Statistical evalution of Microarray experiments
In the area of DNA-microarrays, our research is aimed towards analysis and quantification of systematic bias that occurs in chip generation and measurement and is difficult to monitor. Examples for such bias sources are spotting and scanning parameters as well as dye-dependent effects and photobleaching. Obtained information is used to develop and validate statistical methods as well as normalization algorithms. Besides the mathematical/statistical approach, our workgroup is developing biochemical solutions to overcome systematic bias. The overall goal being improvement of quality, reproducibility and therefore significance of microarray data as well as contributing to the development of standards for handling microarrays and their data.

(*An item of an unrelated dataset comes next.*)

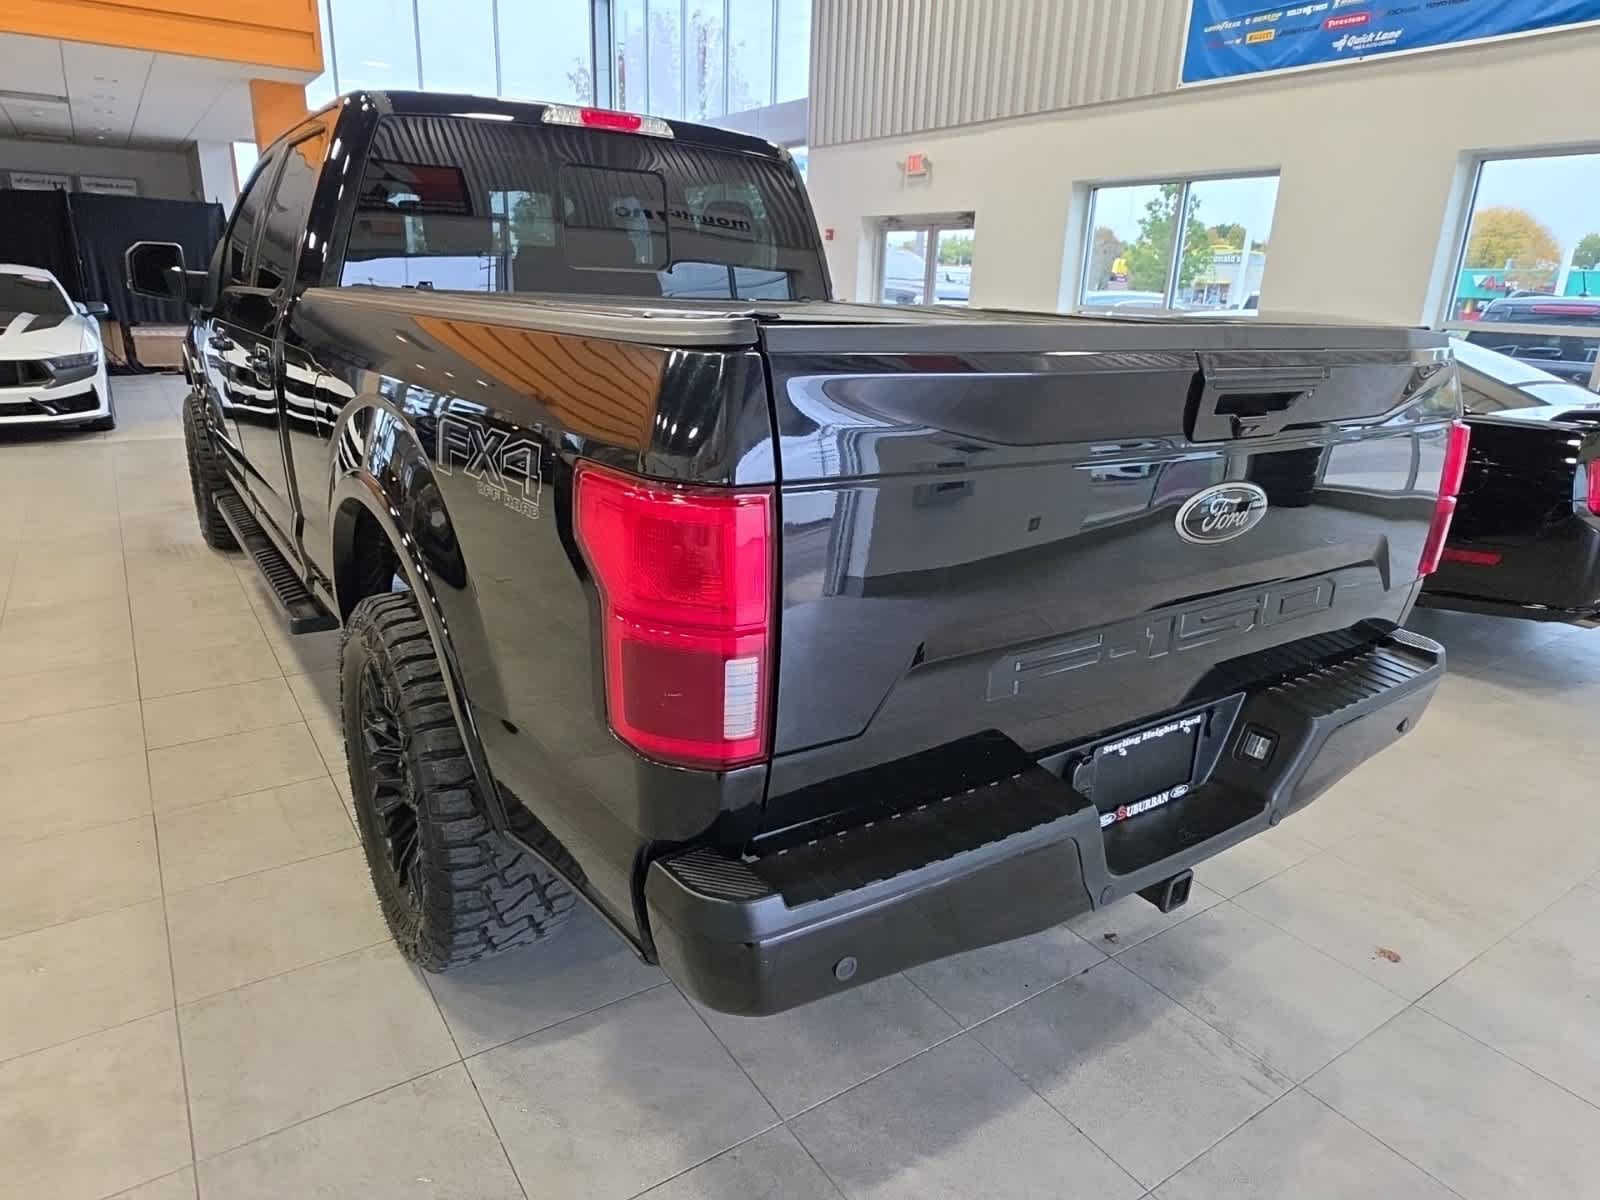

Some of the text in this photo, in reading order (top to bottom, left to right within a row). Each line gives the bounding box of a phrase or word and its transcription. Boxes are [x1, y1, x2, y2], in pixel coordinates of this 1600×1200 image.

Nanotoxicological, nanotherapeutics and drug screening studies are still primarily based on two dimensional (2D) cell culture or, in the later stages, on complex animal in vivo models. Although 2D cell culture is a robust, well-established and reproducible technique of in vitro testing, the use of 2D cultures often yields results with large discrepancies relative to in vivo animal models. This is not surprising, since 2D cell culture represents an environment, remarkably distinct from the in vivo situation, where the majority of tissues are three-dimensional (3D). In this regard, in vitro studies in a 3D cell culture model seem to be more appropriate compared to 2D monolayer systems, since toxicity results can be more strongly influenced by the cell microenvironment. For our biotesting assays we use spheroids (cell aggregates) that represent a simple 3D system since no scaffold or supporting material is required for 3D cell growth. Furthermore, we can run our assays under static as well as under dynamic conditions. Additionally, we want to develop pH-responsive theranostic liposomes, which contain both quantum dots (QD) and new bioactive molecules for cell imaging and targeted therapy. Therefore, we have engineered liposome-quantum dot (L/QD) hybrid vesicles consisting of model anticancer drug into the liposomes. We developed complete control systems for an optimized growth, handling and testing of cell cultures under reproducible and standardized conditions. In parallel, the cellular systems are miniaturized by the development of living cell microarrays.